Most commonly, the debtor or debtor’s advisors work with the franchisor so that a broad number of prospective buyers can participate in the sale process and thus optimize the recovery. This requires a collaborative effort by both the franchisor and the estate.
In nearly all cases, it is essential for the sale process to recognize the franchisor’s role in the approval process. This involves addressing the prospective buyer’s future obligations under the franchise agreement, including advertising commitments, remodel requirements, management training, franchise fees, transfer fees, and franchise term limitations. These factors directly affect the business's value and, consequently, the estate’s recovery.
Selecting the Sale Process
There are two fundamental approaches to the sale process of franchise restaurants.
The prevailing approach typically involves a sealed bid process, where marketing materials, a confidential information memorandum, and due diligence documents are prepared for pre-screened, qualified bidders. A bid deadline and prescribed bid format are established, with the estate, in consultation with its advisors, negotiating purchase agreements, selecting a stalking horse bidder, and soliciting overbids.
An alternative approach, the live auction, has the potential to generate a higher recovery for the estate, but certain conditions must be met for its success.

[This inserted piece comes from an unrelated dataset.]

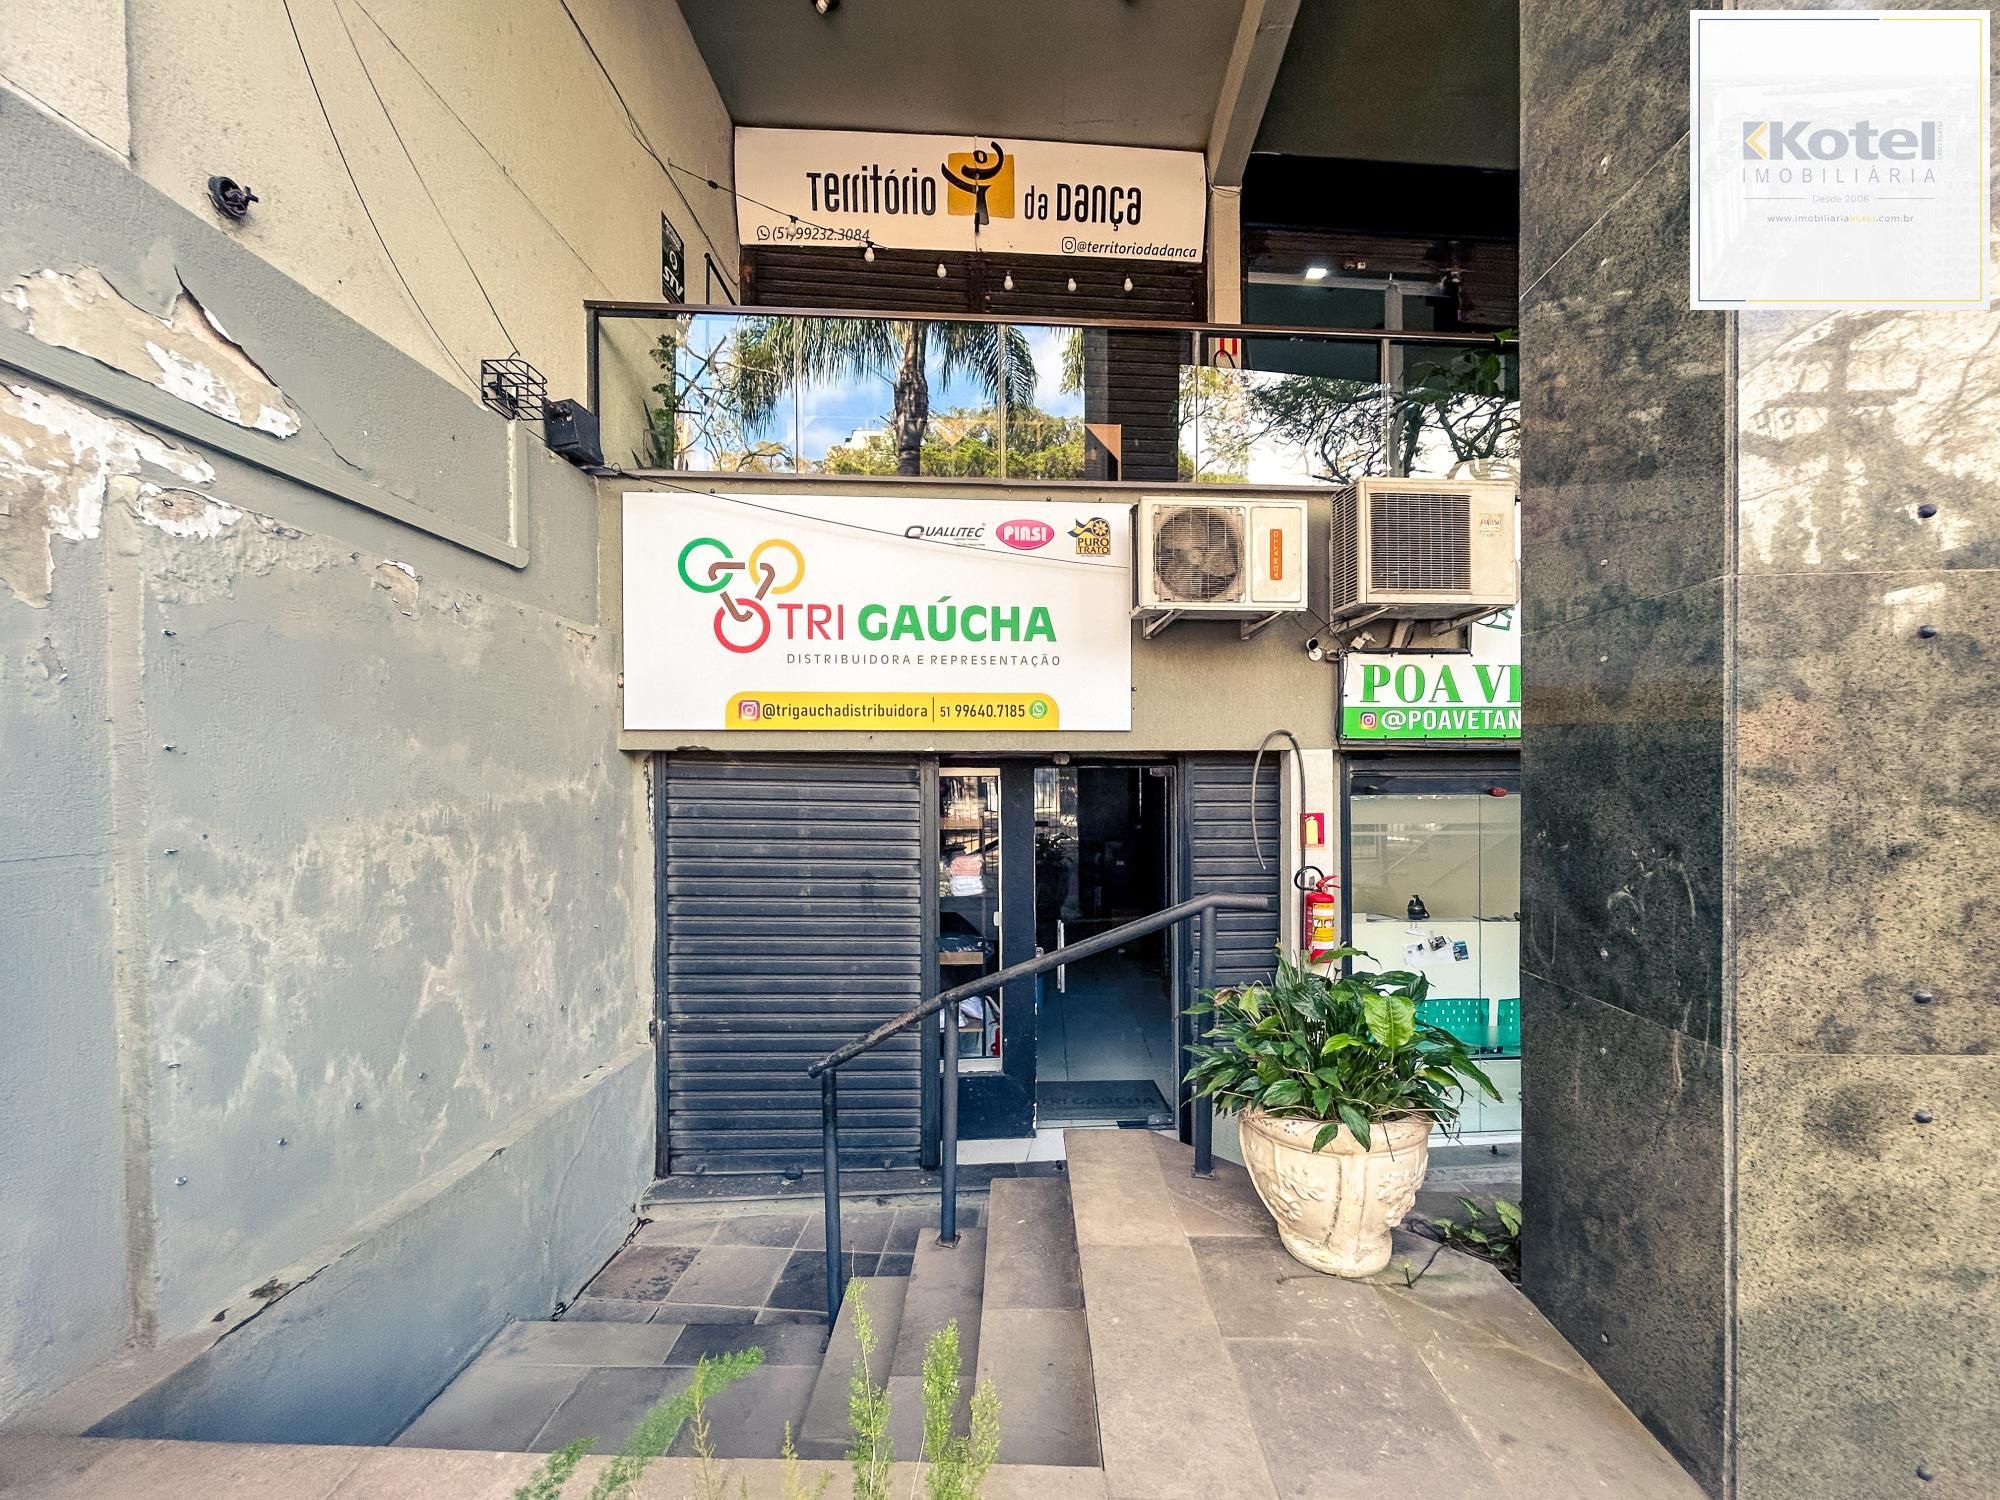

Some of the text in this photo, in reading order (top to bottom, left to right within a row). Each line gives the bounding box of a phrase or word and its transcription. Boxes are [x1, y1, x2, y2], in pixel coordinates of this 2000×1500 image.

The effectiveness of a live auction largely depends on the principle of supply and demand. It thrives when a substantial number of prospective buyers are assembled in a single location at the same time. The presence of multiple bidders fosters both confidence and competition, ultimately leading to higher bids.
Another condition for the success of live auctions is ensuring that stakeholders and parties of interest are not only present to observe but are also empowered and prepared to negotiate any last-minute concessions on behalf of the franchisor and/or landlords during the auction.
Case Study: The Pizza Hut Franchisee Bankruptcy and Auction
The bankruptcy of EYM Pizza[1], a significant Pizza Hut franchisee, provides a practical illustration of the complexities inherent in franchise bankruptcy sales. EYM Pizza filed for chapter 11 bankruptcy protection in July 2024, operating approximately 140 Pizza Hut locations at the time.
The franchise agreements for these locations were terminated prior to the bankruptcy filing, placing the estate in a precarious position, as the restaurants could not operate without the franchisor’s approval. Additionally, the franchisor held near absolute discretion in determining which prospective buyers would be approved to acquire the franchise locations. Because the franchise agreements were terminated, there were no franchise agreements to assign.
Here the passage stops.